E’ quanto emerge da una ricerca, condotta su un campione di 955 persone, presentata al convegno ‘Academic brain drain: due facce della stessa medaglia’ organizzato all’università di Catania da 13 Lions clubs del distretto 108YB Sicilia. ”L’obiettivo di questa ricerca – ha spiegato il prof. Benedetto Torrisi, ricercatore in Statistica economica – e’ quello di aprire una finestra di informazione su una tematica attuale e di particolare interesse per la Nazione attraverso le relazioni e le testimonianze di addetti ai lavori”.

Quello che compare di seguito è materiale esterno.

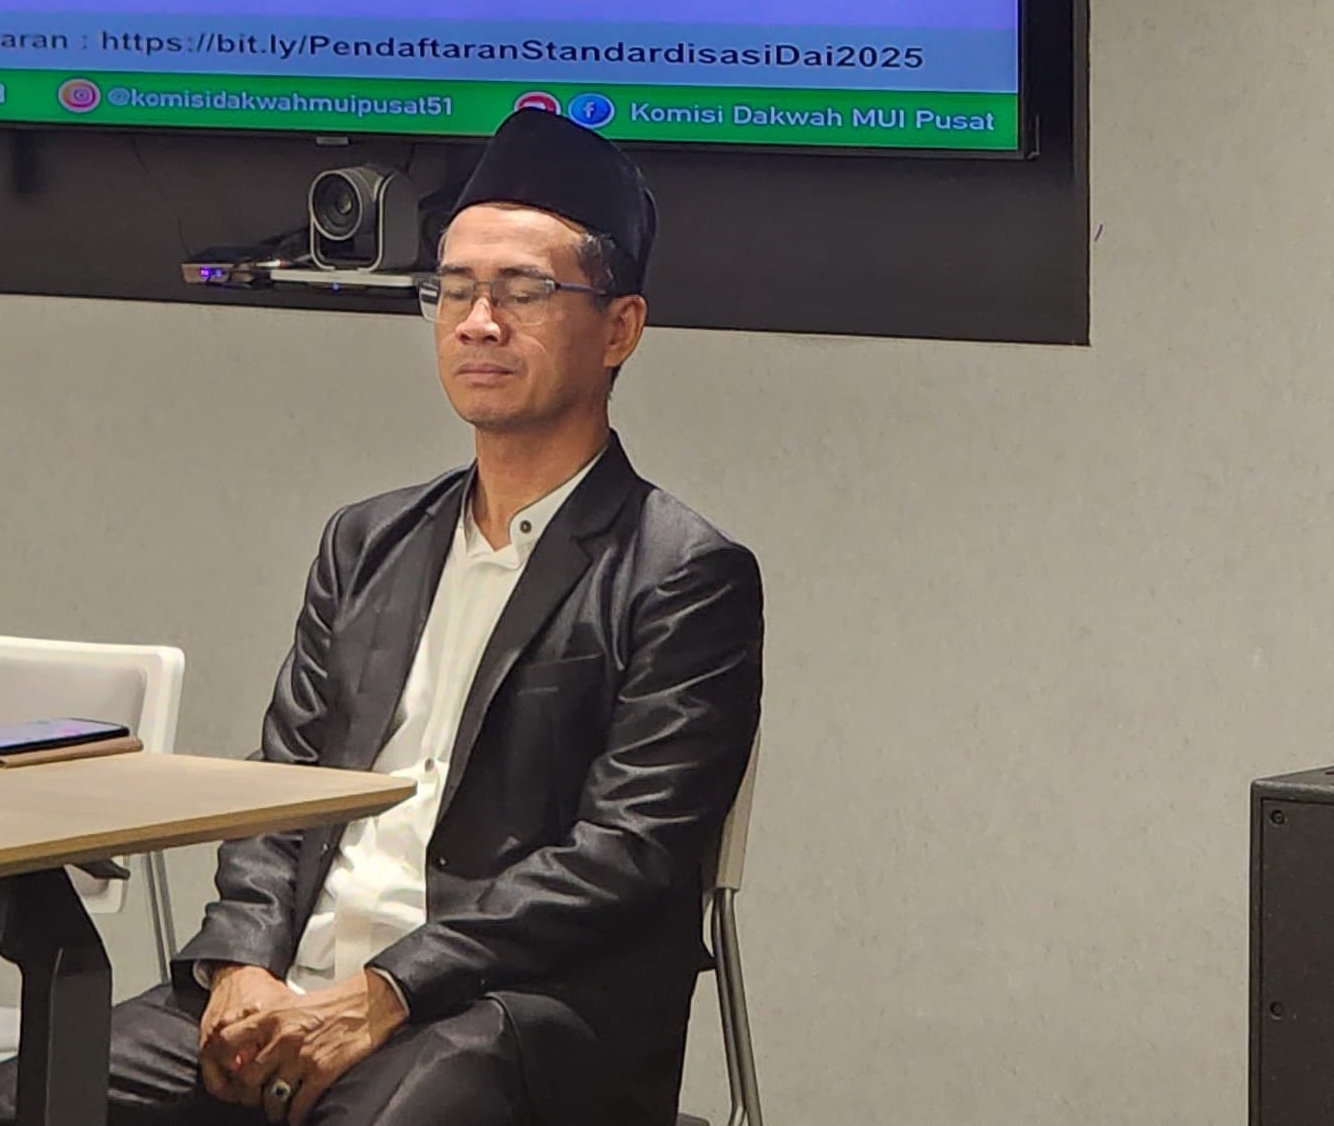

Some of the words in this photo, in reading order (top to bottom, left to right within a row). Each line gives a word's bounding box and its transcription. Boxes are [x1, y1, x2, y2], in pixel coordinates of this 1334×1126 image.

[101, 30, 924, 69] https://bit.ly/PendaftaranStandardisasiDai2025
[107, 87, 453, 117] @komisidakwahmuipusat51
[630, 101, 723, 125] Komisi
[733, 104, 842, 127] Dakwah
[852, 108, 905, 129] MUI
[915, 110, 995, 132] Pusat

Il 90% dei ‘cervelli italiani in fuga’ ritiene ”non meritocratico” l’accesso ai finanziamenti per la ricerca in Italia. Il 95,7% dei ricercatori che lascia l’Italia lo fa per opportunita’ di lavoro, le politiche a supporto della ricerca dei Paesi ospitanti e le prospettive di carriera. Su un campione di 3.575 soggetti impegnati in attivita’ di ricerca in Italia, sia strutturati che precari, invece e’ emerso che la maggiore propensione a emigrare e’ legate alle fasce basse di eta’ (40% per la classe di eta’ tra i 25 e i 30 anni).

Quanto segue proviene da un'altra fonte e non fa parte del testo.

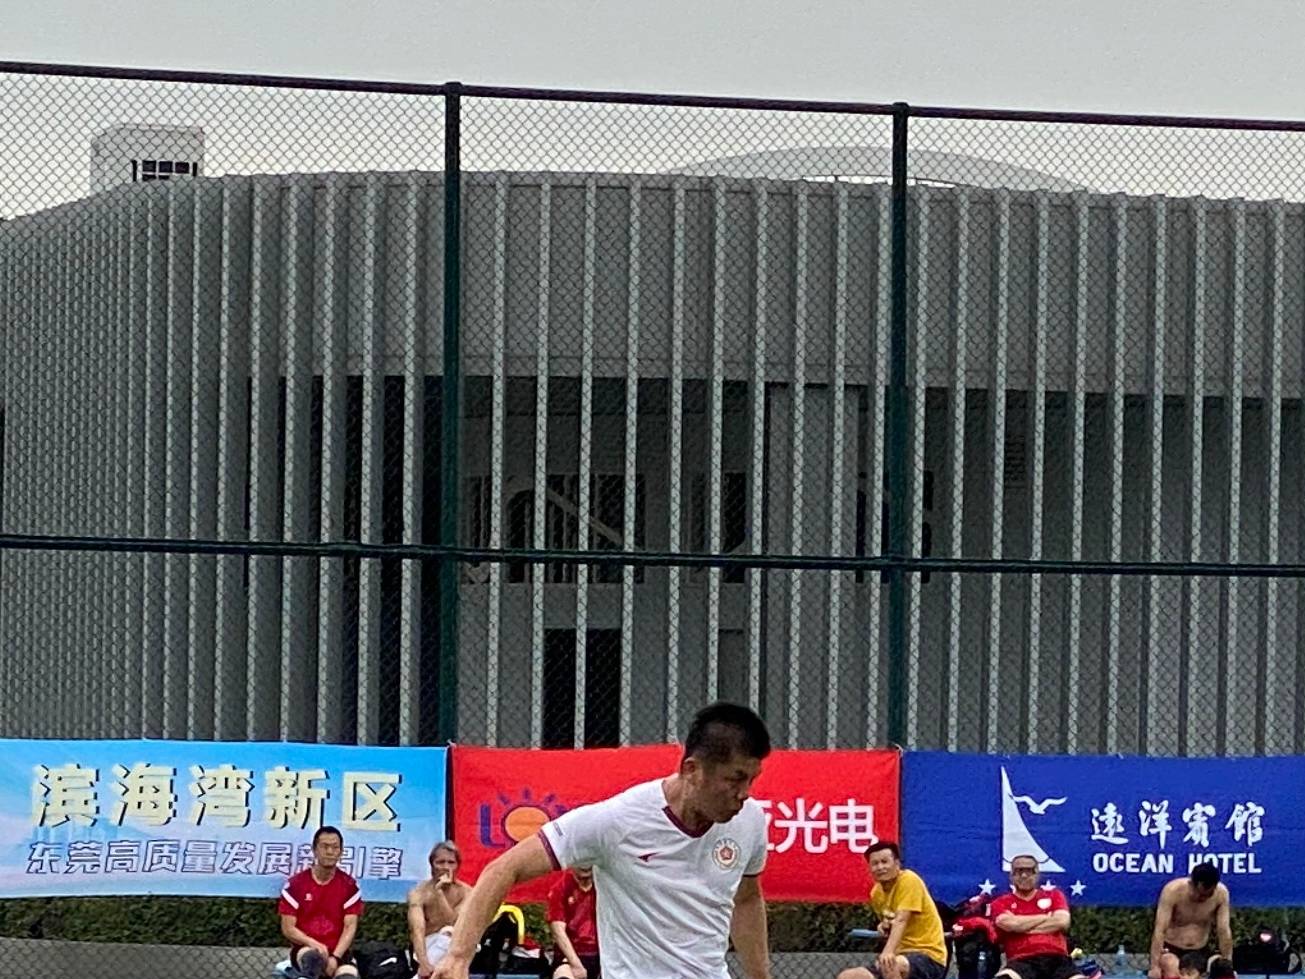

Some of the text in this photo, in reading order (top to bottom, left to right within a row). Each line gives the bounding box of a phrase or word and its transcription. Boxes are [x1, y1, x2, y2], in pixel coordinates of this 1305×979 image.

[31, 763, 402, 831] 滨海湾新区
[1092, 852, 1262, 874] OCEAN HOTEL
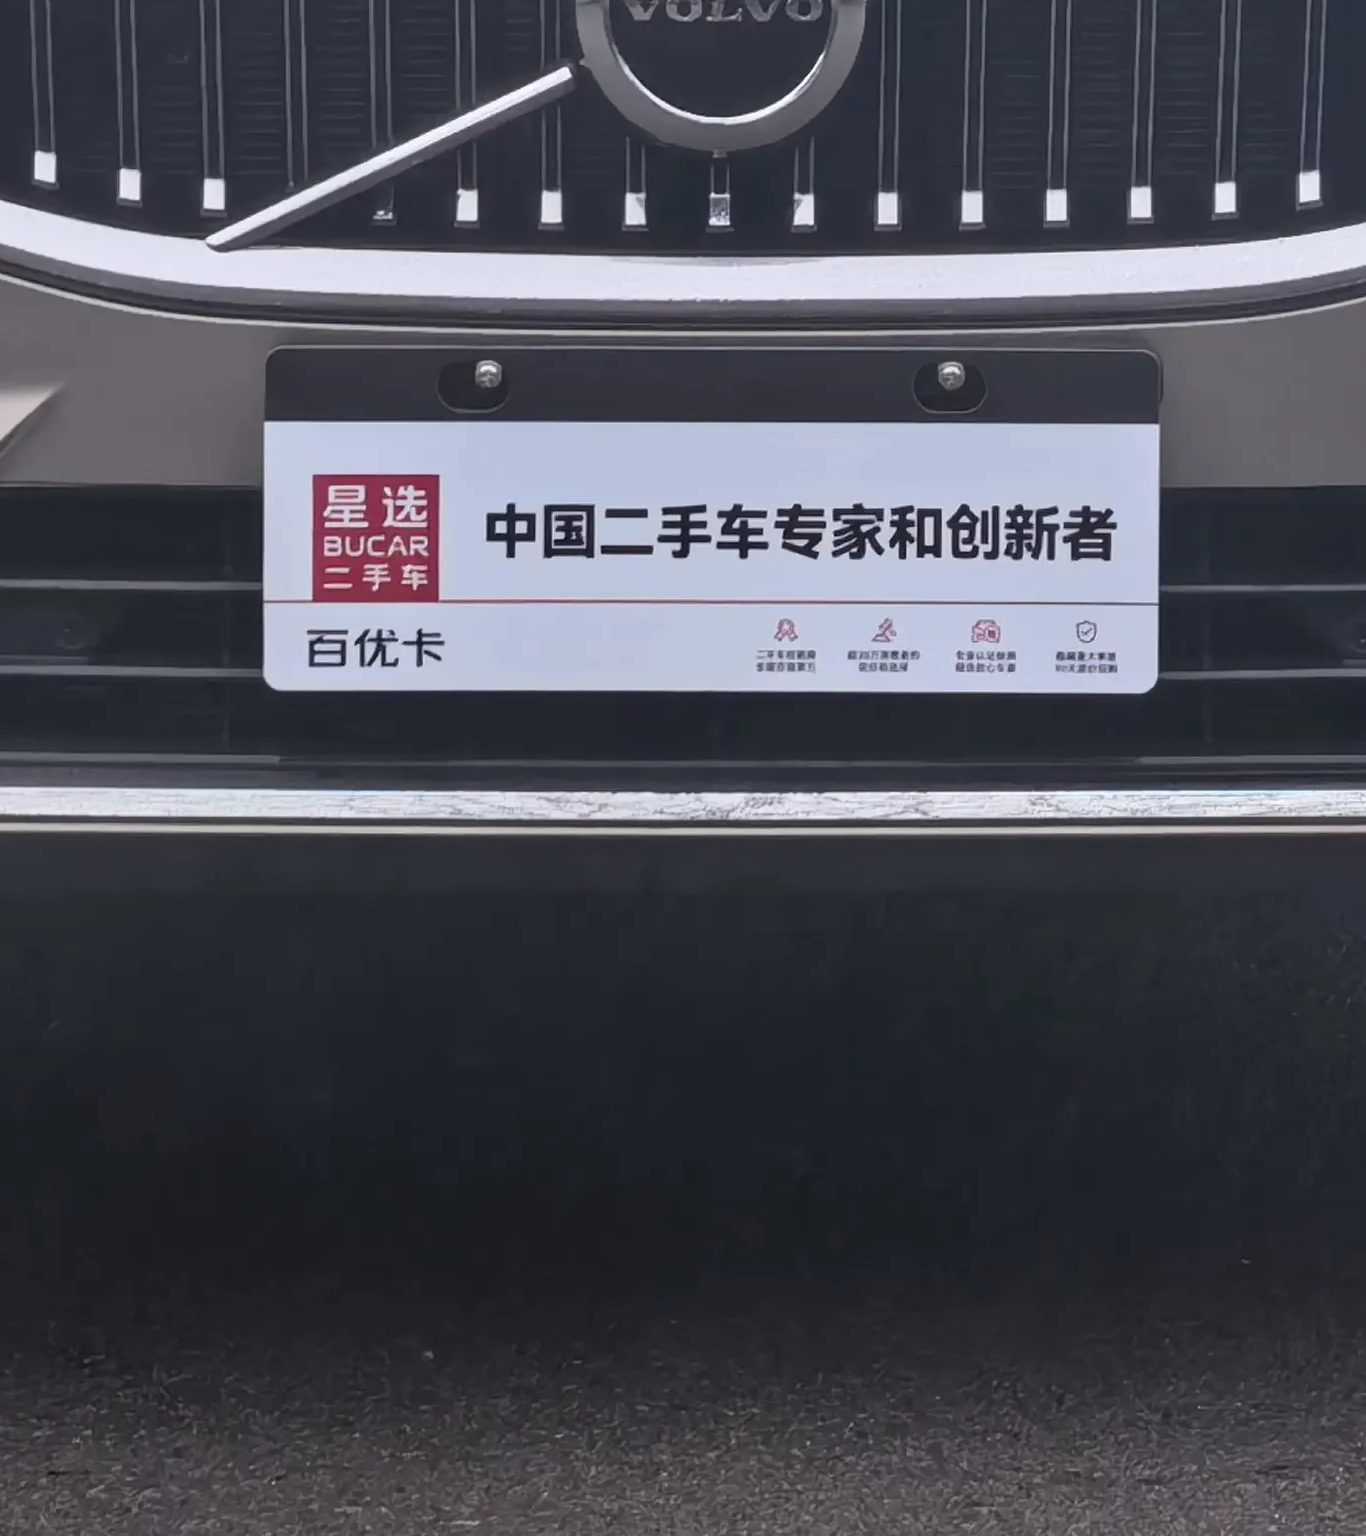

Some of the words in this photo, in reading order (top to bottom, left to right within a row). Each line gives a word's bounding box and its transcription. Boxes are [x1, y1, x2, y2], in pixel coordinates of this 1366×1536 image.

[323, 485, 428, 528] 星选
[323, 535, 429, 557] BUCAR
[485, 503, 1118, 561] 中国二手车专家和创新者
[323, 564, 428, 591] 二手车
[306, 628, 445, 668] 百优卡

Tra i motivi che scoraggiano l’emigrazione c’e’ l’attaccamento alla famiglia per l’80% degli intervistati. Cio’ che li incoraggerebbe ad andar via, per l’83%, e’ la maggiore valorizzazione delle proprie competenze, e per il 42% la burocrazia italiana. Solo il 14% ritiene di vivere in un ambiente lavorativo con una alta percezione del benessere organizzativo, a fronte del 90% registrato all’estero.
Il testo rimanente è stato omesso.